Vehicle reservations no longer required for Yosemite National Park this year
Yosemite National Park will no longer require vehicle reservations this year.
The national park made the announcement Wednesday after analyzing traffic patterns, parking availability and visitor use during the 2025 season.
Efforts previously had been in place to help control visitor overcrowding and traffic congestion, especially as more people visited the national park in the years that followed the COVID-19 pandemic.
But the national park said its latest analysis indicated most weekdays maintained available parking, stable traffic flow and visitation levels within the park’s operational capacity.
“We are committed to visitor access, safety, and resource protection, and will continue active traffic management strategies to ensure a great visitor experience,” Yosemite Superintendent Ray McPadden said in a news release. “While reservation systems are one valuable management tool, our data demonstrates that a season-wide reservation requirement is not the most effective approach for the coming season.”
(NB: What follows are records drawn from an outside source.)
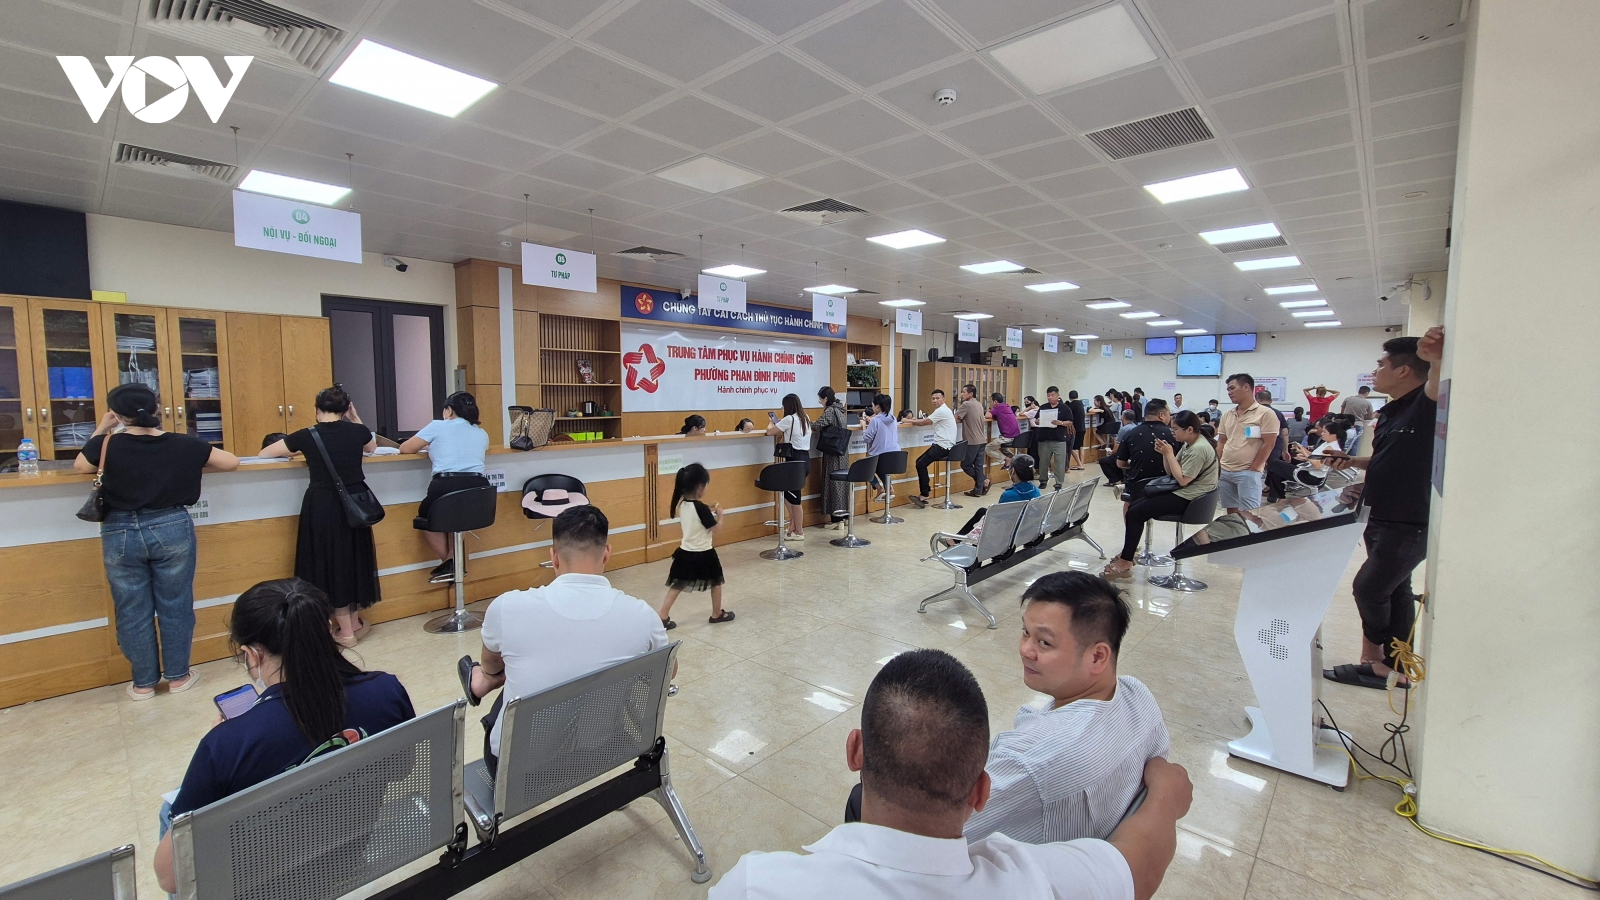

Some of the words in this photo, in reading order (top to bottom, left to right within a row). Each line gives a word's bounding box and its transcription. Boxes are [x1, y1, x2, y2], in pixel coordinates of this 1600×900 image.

[295, 211, 308, 222] 04
[263, 226, 278, 240] NỘI
[280, 229, 291, 242] VỤ
[298, 230, 312, 244] ĐỐI
[313, 234, 337, 249] NGOẠI
[557, 255, 566, 264] 05
[558, 271, 571, 280] PHÁP
[663, 301, 696, 315] CHUNG
[755, 310, 769, 323] THỦ
[770, 314, 784, 327] TỤC
[784, 314, 803, 327] HÀNH
[667, 345, 696, 359] TRUNG
[698, 345, 716, 360] TÂM
[717, 349, 738, 364] PHỤC
[740, 350, 750, 364] VỤ
[752, 349, 773, 363] HÀNH
[774, 351, 795, 364] CHÍNH
[796, 352, 814, 365] CÔNG
[694, 366, 729, 381] PHƯỜNG
[730, 369, 752, 382] PHAN
[754, 368, 772, 382] ĐÌNH
[772, 369, 796, 383] PHÙNG
[717, 385, 735, 394] Hành
[735, 386, 753, 394] chính
[753, 386, 769, 395] phục
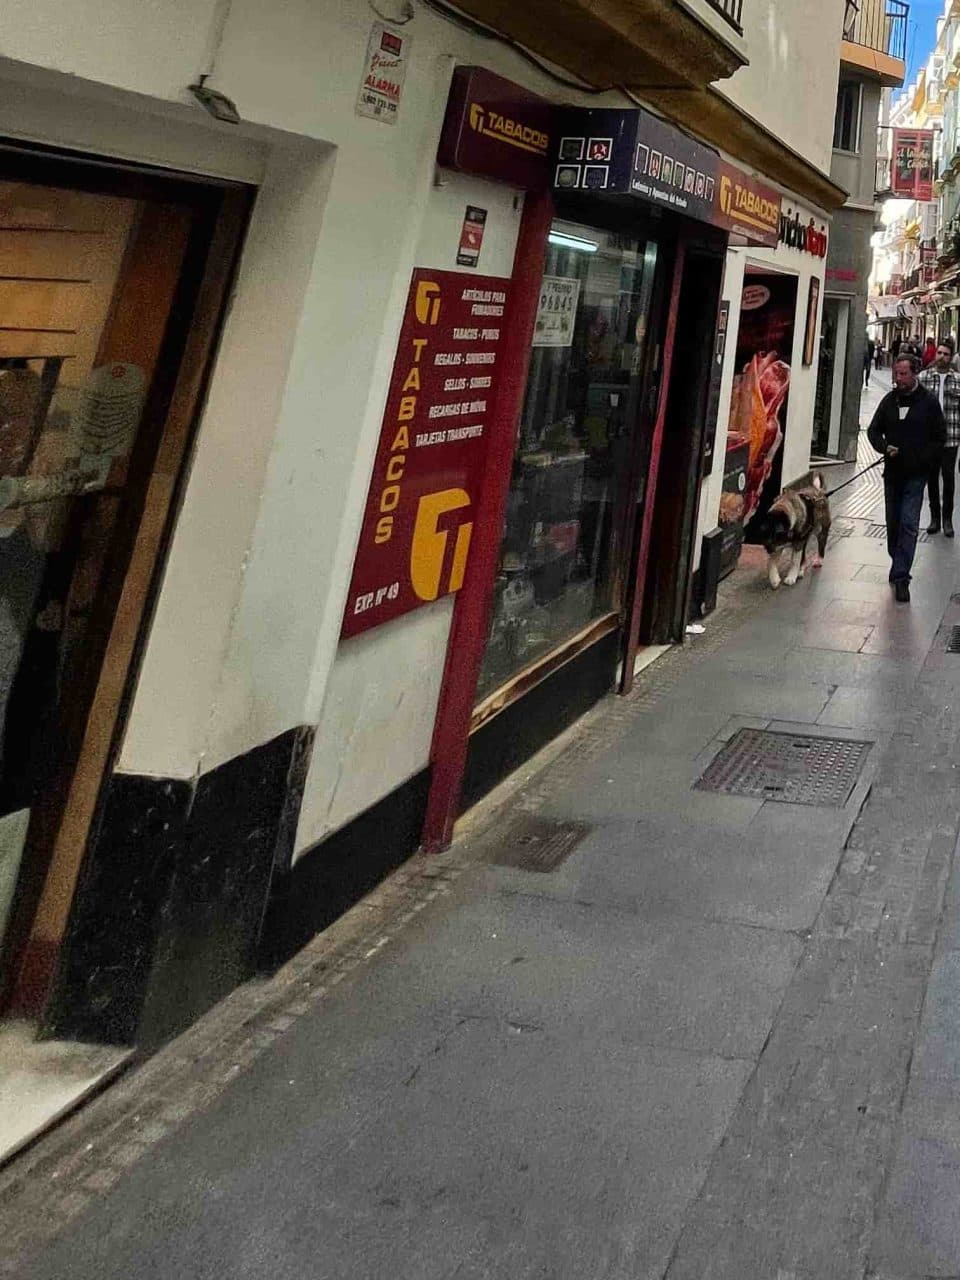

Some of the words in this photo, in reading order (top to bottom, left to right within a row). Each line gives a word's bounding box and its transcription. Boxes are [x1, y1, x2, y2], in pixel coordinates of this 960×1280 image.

[488, 111, 549, 150] TABACOS
[734, 185, 779, 224] TABACOS
[434, 352, 462, 366] REGALOS
[443, 377, 467, 391] SELLOS
[428, 403, 461, 419] RECARGAS
[460, 402, 470, 415] DE
[374, 338, 429, 545] TABACOS
[415, 430, 447, 447] TARJETAS
[446, 424, 484, 442] TRANSPORTE
[354, 591, 374, 615] EXP.
[386, 581, 400, 600] 49
Reservations at Yosemite had been required on and off through the years since 2020, including in 2025.
Without a reservation system in place, Yosemite will broaden its use of operational strategies that include:
- Real-time traffic monitoring to identify and respond quickly to congestion hotspots.
- Active parking management in Yosemite Valley to maximize available capacity.
- Additional staffing at key intersections and decision points during peak periods.
- Improved visitor information through road condition alerts, congestion warnings and trip-planning tools.
- Expanded guidance encouraging weekday visitation, when parking and traffic conditions are more favorable.
- Promoting recreation outside Yosemite Valley, including Tuolumne Meadows, Wawona, Hetch Hetchy and other high-quality destinations across the park.
“Our goal is to help every visitor have a safe and enjoyable trip,” McPadden said. “Targeted management gives us the flexibility to address the busiest days while preserving open access on days the park is operating well within capacity.”
Arches National Park in southeast Utah and Glacier National Park in Montana also have lifted timed-entry and reservation requirements this year.